Explanation of Responses:

* If the form is filed by more than one reporting person, see Instruction 4(b)(v).
** Intentional misstatements or omissions of facts constitute Federal Criminal Violations. See 18 U.S.C. 1001 and 15 U.S.C. 78ff(a).
(1) The sale reported on this Form 4 was effectuated pursuant to a Rule 10b5-1 trading plan adopted by the reporting person on June 3, 2014.
(2) Each restricted stock unit represents a contingent right to receive one share of HP common stock.
(3) As previously reported, on 12/07/11 the reporting person was granted 4,500 restricted stock units ("RSUs"), 1,500 of which vested on each of 12/07/12 and 12/07/13, and 1,500 of which will vest on 12/07/14. Dividend equivalent rights accrue with respect to these RSUs when and as dividends are paid on HP common stock. The 7.0838 dividend equivalent rights being reported reflect 7.0838 dividend equivalent rights at $33.88 per RSU credited to the reporting person's account on 07/02/14.
(4) As previously reported, on 12/06/12 the reporting person was granted 6,750 RSUs, 2,250 of which vested on 12/06/13, and 2,250 of which will vest on each of 12/06/14 and 12/06/15. Dividend equivalent rights accrue with respect to these RSUs when and as dividends are paid on HP common stock. The 21.2515 dividend equivalent rights being reported reflect 21.2515 dividend equivalent rights at $33.88 per RSU credited to the reporting person's account on 07/02/14.
(5) As previously reported, on 02/19/13 the reporting person was granted 10,000 RSUs, 3,333 of which vested on 02/19/14, 3,333 of which will vest on 02/19/15, and 3,334 of which will vest on 02/19/16. Dividend equivalent rights accrue with respect to these RSUs when and as dividends are paid on HP common stock. The 31.4852 dividend equivalent rights being reported reflect 31.4852 dividend equivalent rights at $33.88 per RSU credited to the reporting person's account on 07/02/14.
(6) As previously reported, on 12/11/13 the reporting person was granted 9,726 RSUs, 3,242 of which will vest on each of 12/11/14, 12/11/15, and 12/11/16. Dividend equivalent rights accrue with respect to these RSUs when and as dividends are paid on HP common stock. The 45.9315 dividend equivalent rights being reported reflect 45.9315 dividend equivalent rights at $33.88 per RSU credited to the reporting person's account on 07/02/14.
(7) As previously reported, on 05/23/14 the reporting person was granted 12,500 RSUs, 4,166 of which will vest on 05/23/15, and 4,167 of which will vest on each of 05/23/16 and 05/23/17. Dividend equivalent rights accrue with respect to these RSUs when and as dividends are paid on HP common stock. The 59.0319 dividend equivalent rights being reported reflect 59.0319 dividend equivalent rights at $33.88 per RSU credited to the reporting person's account on 07/02/14.
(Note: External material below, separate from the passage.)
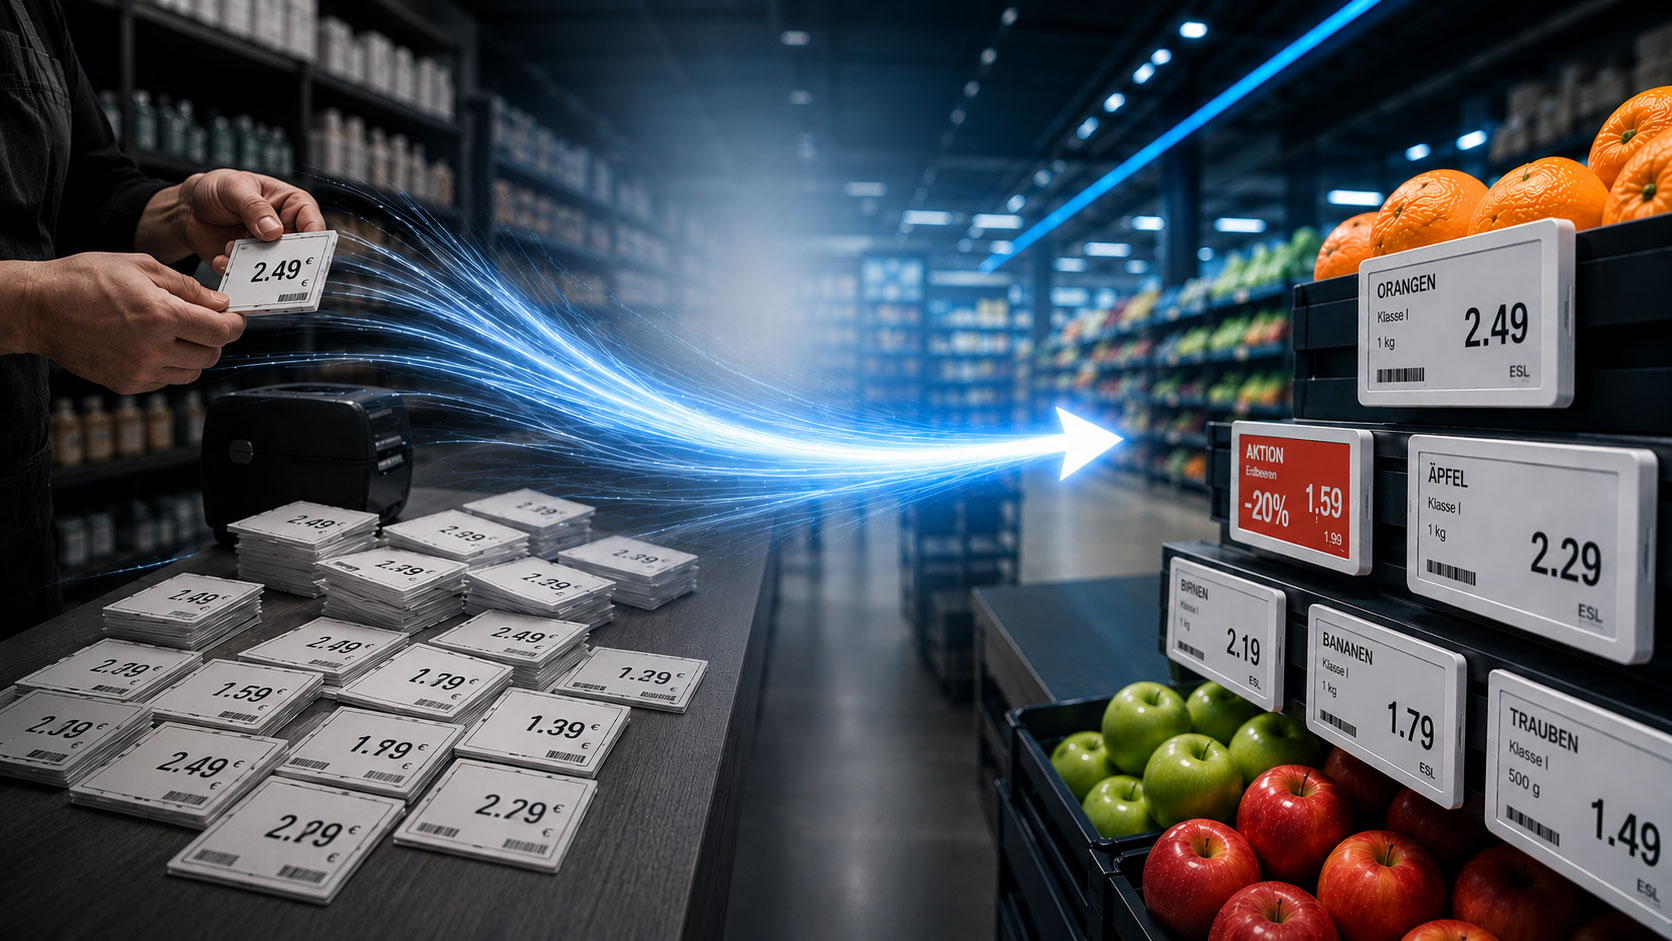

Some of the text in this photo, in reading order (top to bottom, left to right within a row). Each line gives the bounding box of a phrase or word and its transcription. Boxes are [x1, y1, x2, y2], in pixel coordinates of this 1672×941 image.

Note: File three copies of this Form, one of which must be manually signed. If space is insufficient, see Instruction 6 for procedure.

Potential persons who are to respond to the collection of information contained in this form are not required to respond unless the form displays a currently valid OMB number.